Değerlendirme, 22 Haziran 2005

advertisement
Türkiye Bankalar Birliği
Ekonomi Çalışma Grubu
Makro Ekonomi Alt Çalışma Grubu Değerlendirmesi1
22 Haziran 2005
Türkiye Ekonomisi:
Enflasyon: Mayıs sonu itibariyle yüzde 8,7 seviyesinde bulunan TÜFE enflasyonu, 1970’li
yılların başından bu yana ilk kez 2004 yılında tek haneli seviyelere inmiştir. Geçtiğimiz 3 yıl
boyunca, sıkı para ve maliye politikalarının yanısıra TL’nin değerlenmesi, enflasyonist
beklentilerin kırılmasını sağlamıştır. Bu dönemde enflasyonun TCMB hedefinin altında
gerçekleşmesi, TCMB’ye kredibilite sağlamıştır. Bu gelişme, 2005 yılında enflasyon hedefine
ulaşılacağı yönündeki olumlu beklentilerin de artmasını sağlayan bir faktör olmuştur.

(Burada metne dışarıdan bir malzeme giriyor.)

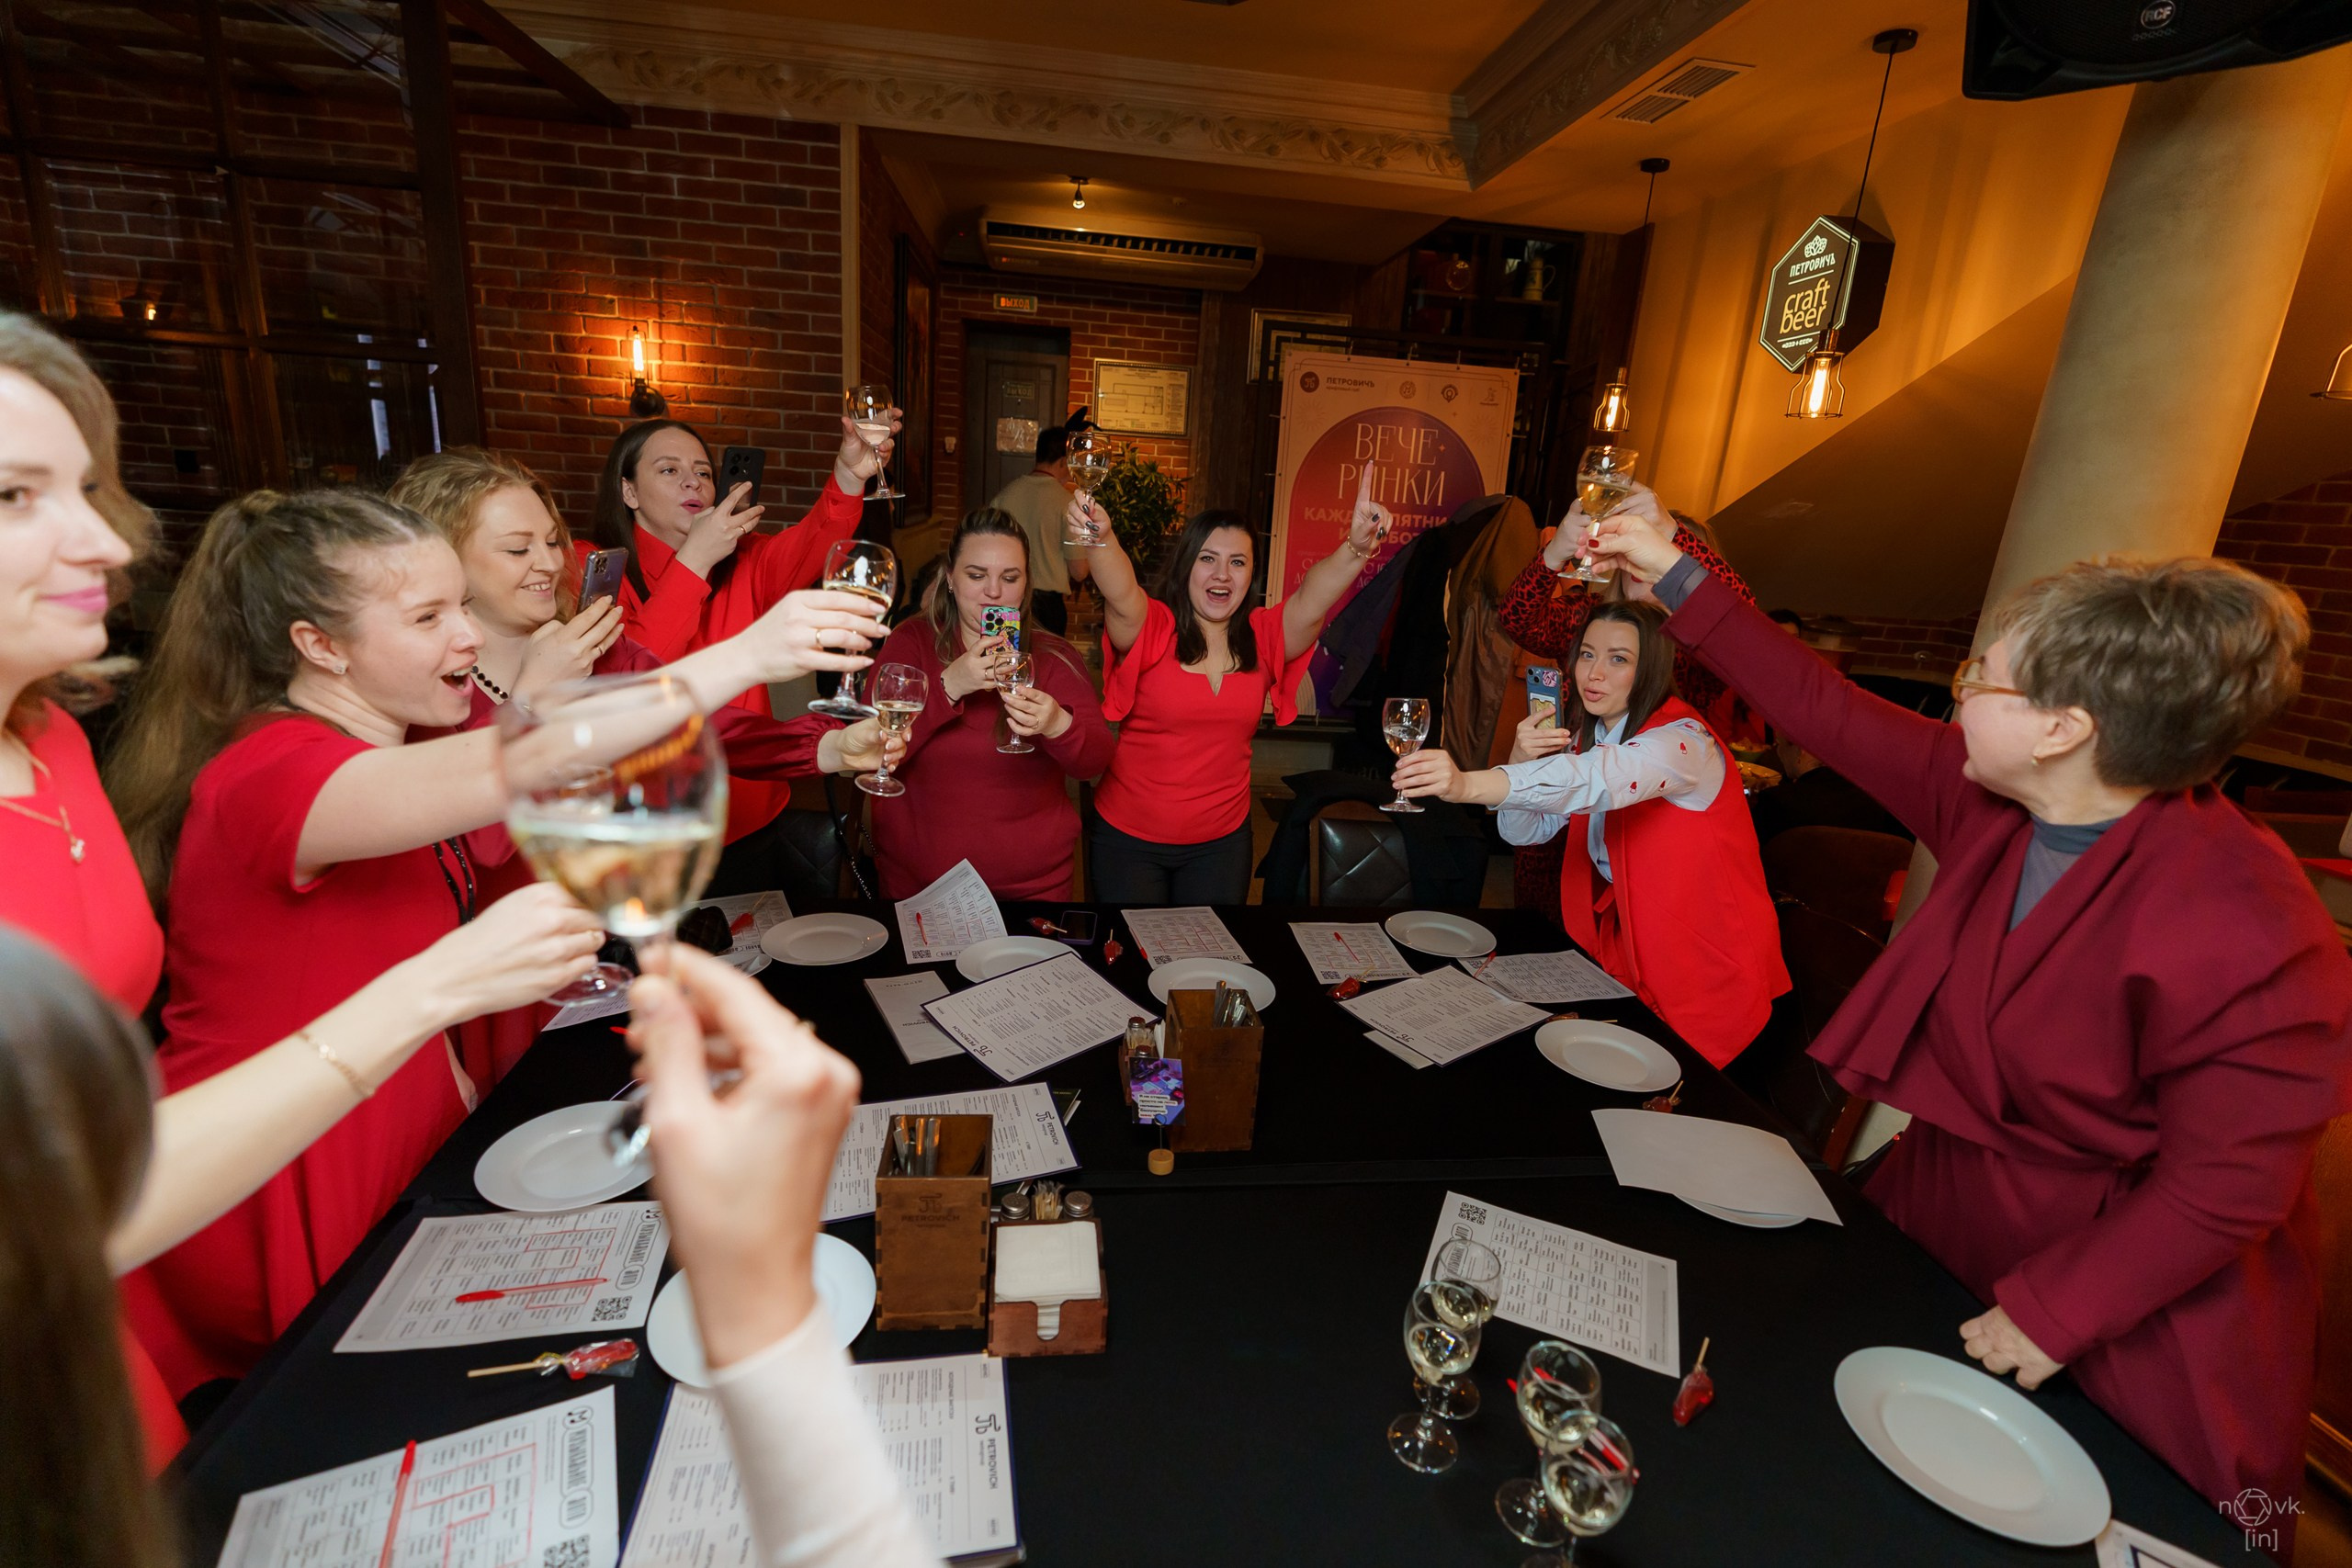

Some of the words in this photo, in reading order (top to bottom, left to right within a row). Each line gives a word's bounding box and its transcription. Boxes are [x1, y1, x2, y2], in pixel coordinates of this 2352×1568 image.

[2145, 6, 2173, 22] RCF
[1000, 296, 1031, 310] ВЫХОД
[1785, 277, 1831, 315] craft
[1779, 304, 1827, 334] beer
[1326, 377, 1375, 389] ПЕТРОВИЧЪ
[1354, 423, 1439, 466] ВЕЧЕ
[900, 1213, 961, 1223] PETROVICH
[987, 1438, 998, 1490] PETROVICH
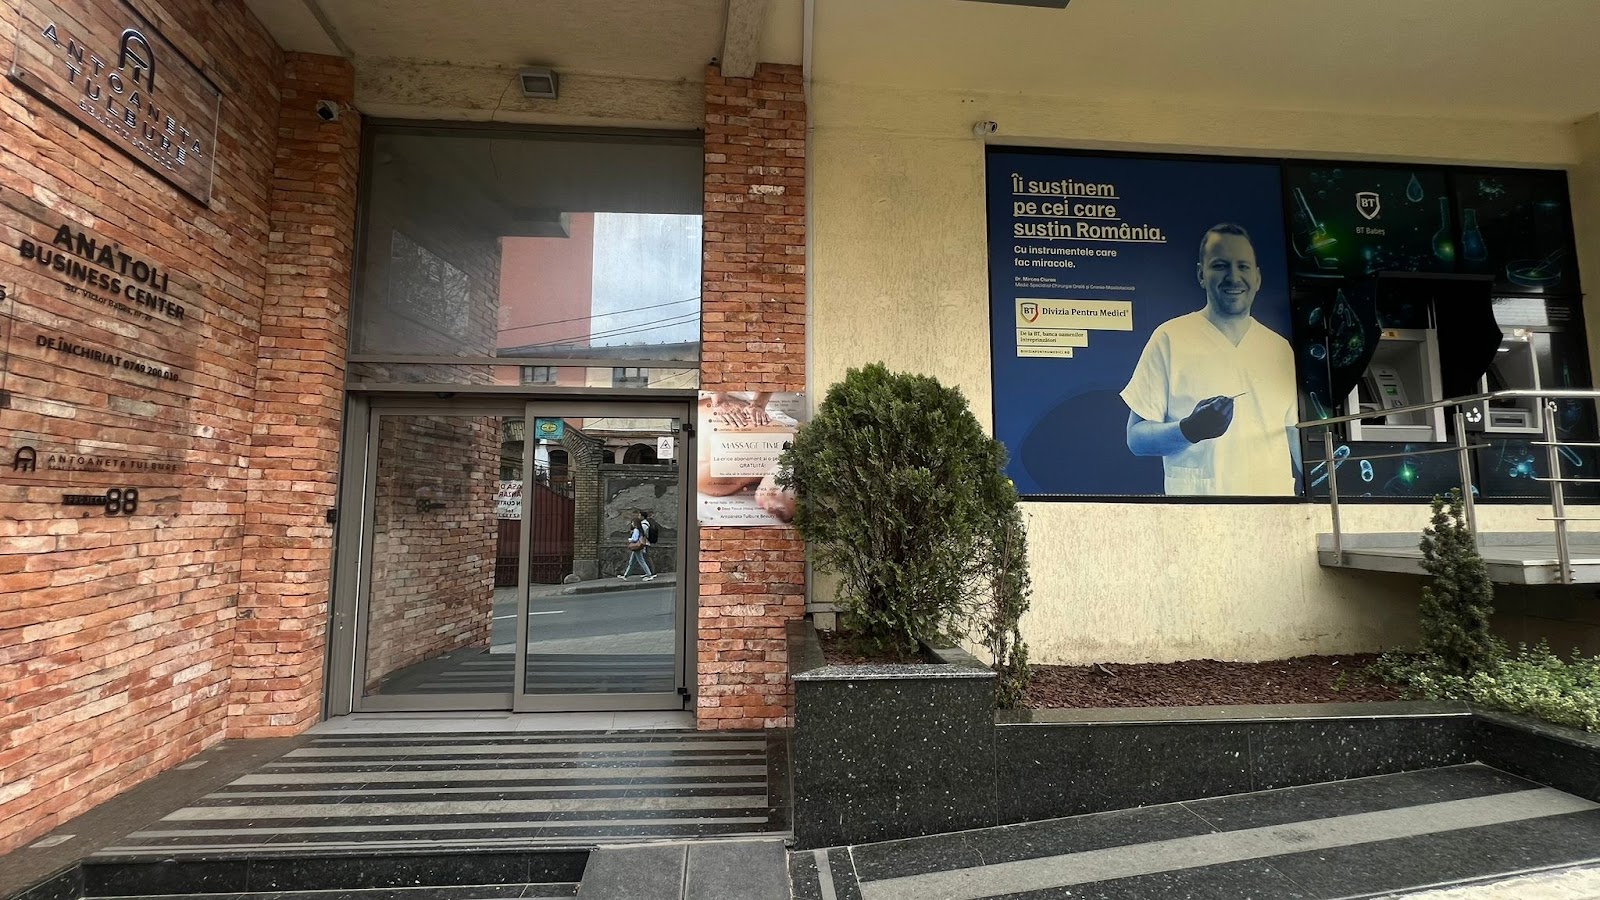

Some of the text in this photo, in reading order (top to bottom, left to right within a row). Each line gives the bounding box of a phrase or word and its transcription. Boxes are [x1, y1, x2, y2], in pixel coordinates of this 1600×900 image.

[42, 23, 202, 157] ANTOANETA
[65, 61, 186, 165] TULBURE
[1011, 173, 1115, 198] Îi susținem
[1013, 200, 1116, 218] pe cei care
[1361, 198, 1375, 207] BT
[1013, 221, 1167, 241] susțin România.
[1355, 226, 1365, 234] BT
[53, 224, 169, 292] ANATOLI
[1014, 245, 1117, 257] Cu instrumentele care
[1014, 258, 1076, 268] fac miracole.
[19, 239, 186, 321] BUSINESS CENTER
[1042, 307, 1069, 316] Divizia
[1071, 308, 1098, 317] Pentru
[36, 335, 54, 349] DE
[58, 337, 122, 367] ÎNCHIRIAT
[49, 454, 126, 469] ANTOANETA
[130, 460, 179, 472] TULBURE
[105, 486, 138, 516] 88
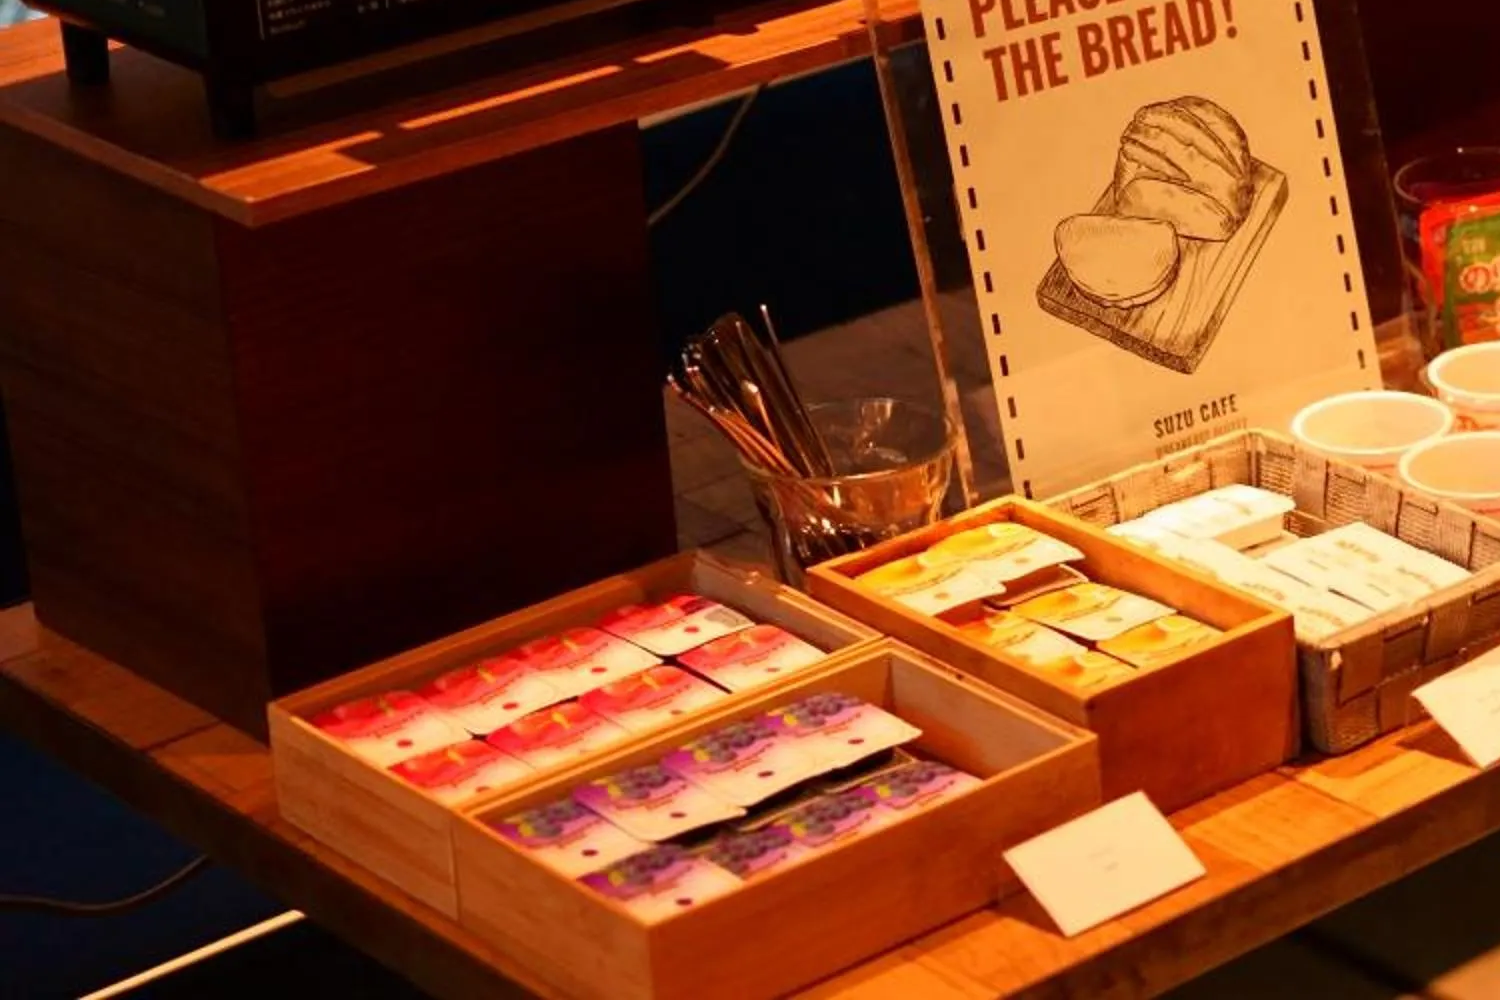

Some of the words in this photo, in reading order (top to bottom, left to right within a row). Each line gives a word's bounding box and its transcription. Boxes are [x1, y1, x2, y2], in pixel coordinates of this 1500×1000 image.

[983, 31, 1069, 102] THE
[1153, 408, 1194, 438] SUZU
[1200, 393, 1238, 422] CAFE
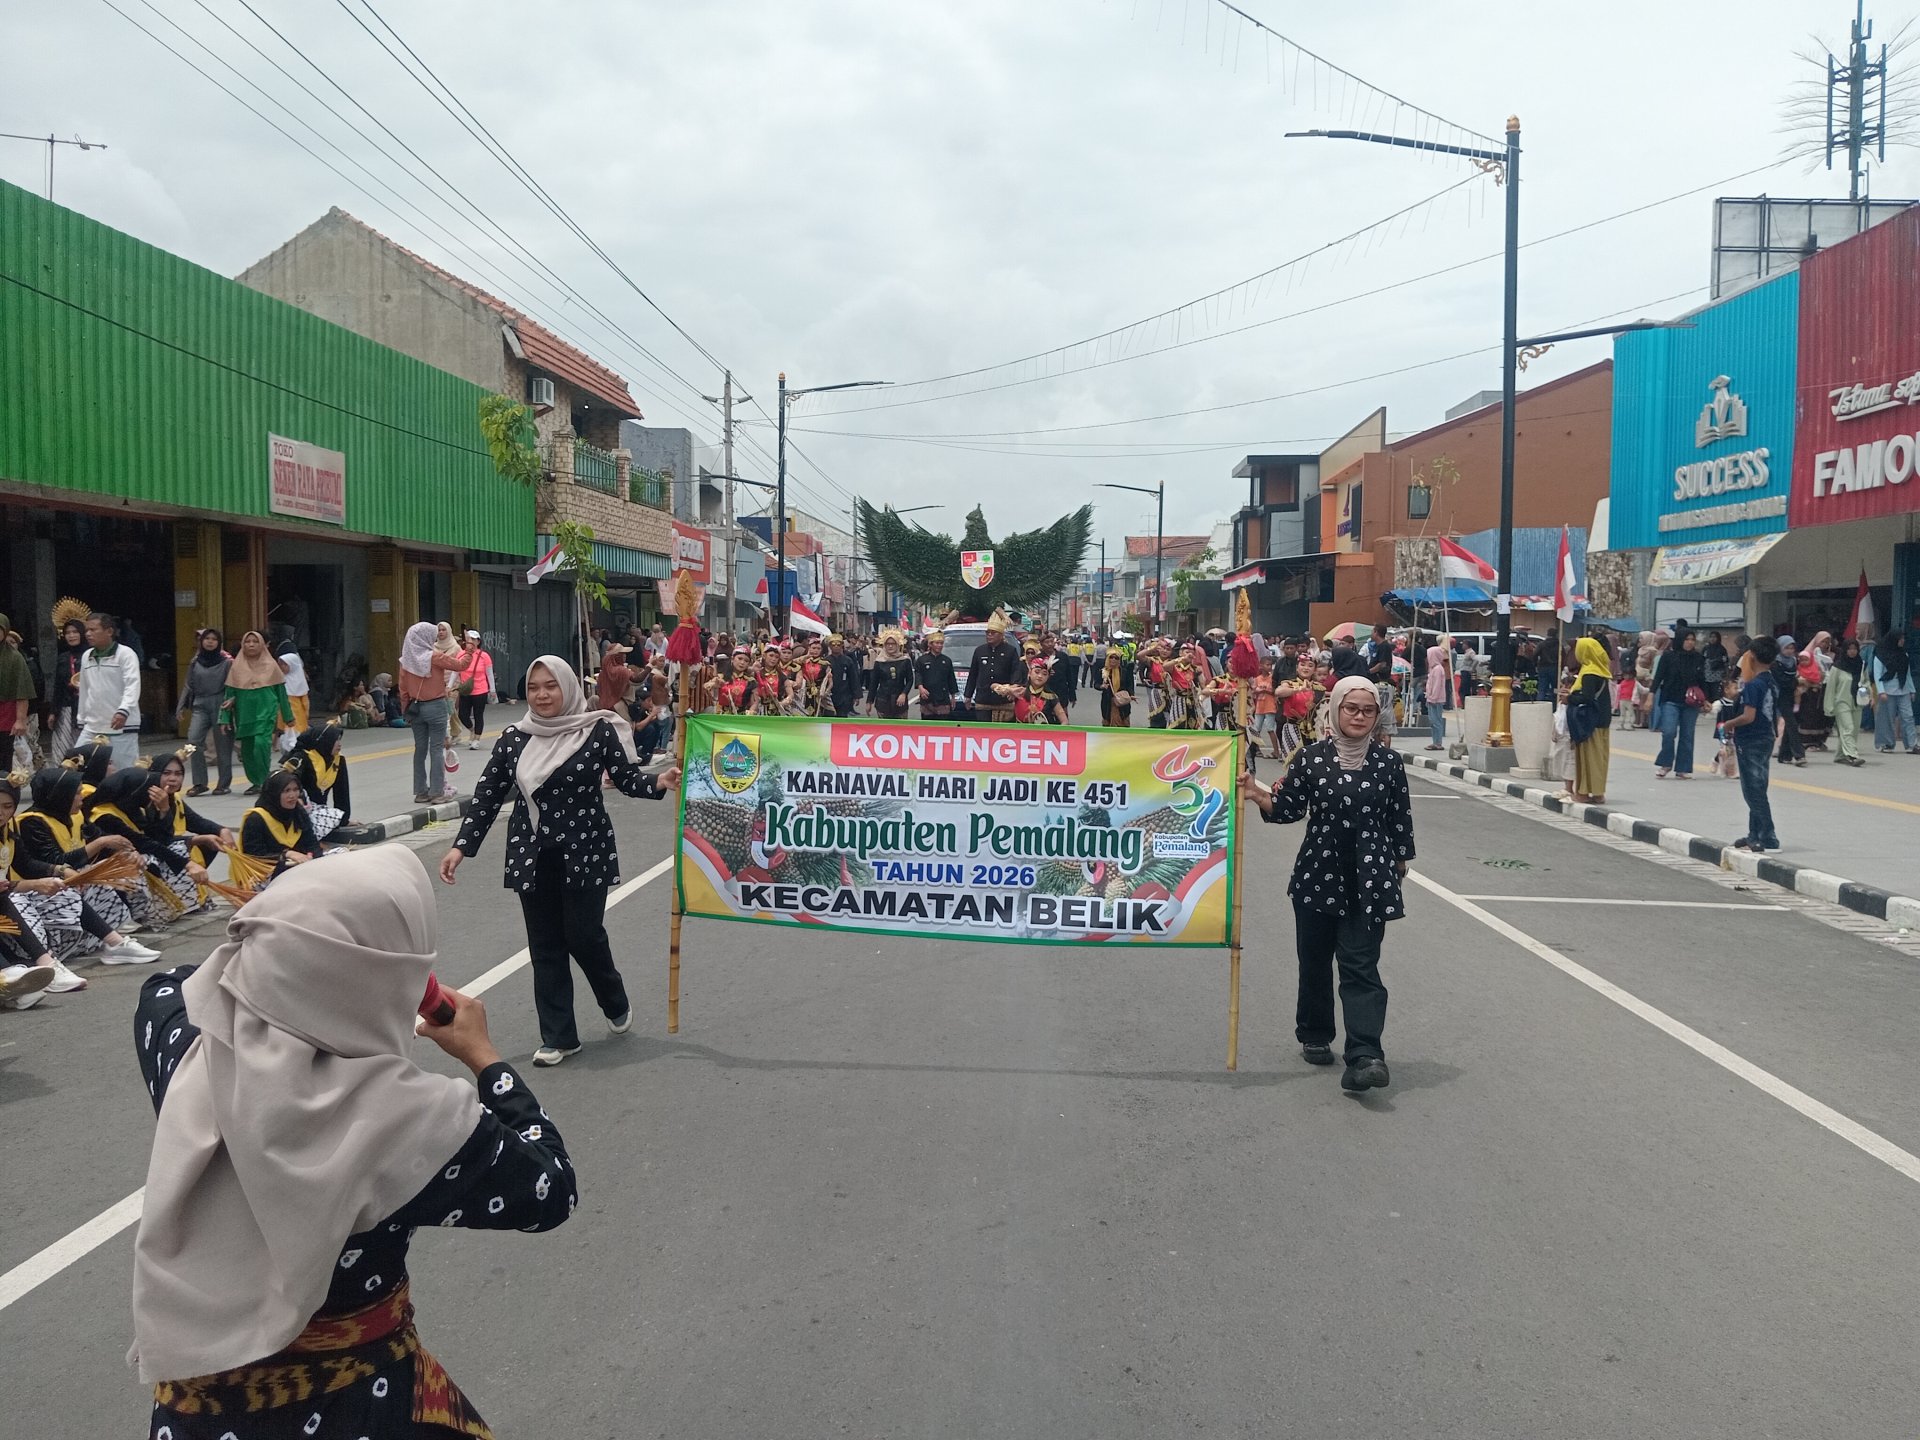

Geçmiş dönem enflasyon verisi incelenerek yapılan araştırmalar, enflasyon oynaklığının
geçmiş yıllara göre ciddi oranlarda azaldığını göstermektedir. Enflasyon oynaklığında görülen
düşük seviyeler, TCMB’nin 2006 yılı başında geçeceğini açıkladığı açık enflasyon
hedeflemesi için uygun koşullara ulaşılmakta olduğuna işaret etmektedir.
Finansal Piyasalar: Türkiye ve ABD’nin milli gelir, enflasyon, para arzı ve faiz oranı
değişkenleri kullanılarak hazırlanan döviz piyasası denge modeli, TL’nin ABD doları
karşısında değerli sayılabilecek bir seviyede olmadığına işaret etmektedir. Buna göre,
makroekonomik koşulların dezenflasyon stratejisiyle uyumlu seyretmesi ve AB ve IMF’yle
ilişkilerin yolunda gitmesi, 2005 yılının ilk yarısında döviz piyasası dinamiklerinin
güçlenmesini sağlamıştır. Ancak temel makro göstergelerin bozulması halinde, şu ana kadar
enflasyon karşısında ciddi bir reel değerlenme gösteren döviz kurunda benzer trendin
sürdürülmesinin güçlükleri olabileceği göz ardı edilmemelidir.
Döviz piyasasının yapısına ilişkin analizler, döviz piyasasında hızlı yükselişlerin hala
öngörülemediğine işaret etmektedir. Ancak, piyasa unsurlarının ekonomik aktivitedeki
değişimleri doğru algılamaları durumunda kurdaki hızlı düşüşler öngörülebilir durumdadır.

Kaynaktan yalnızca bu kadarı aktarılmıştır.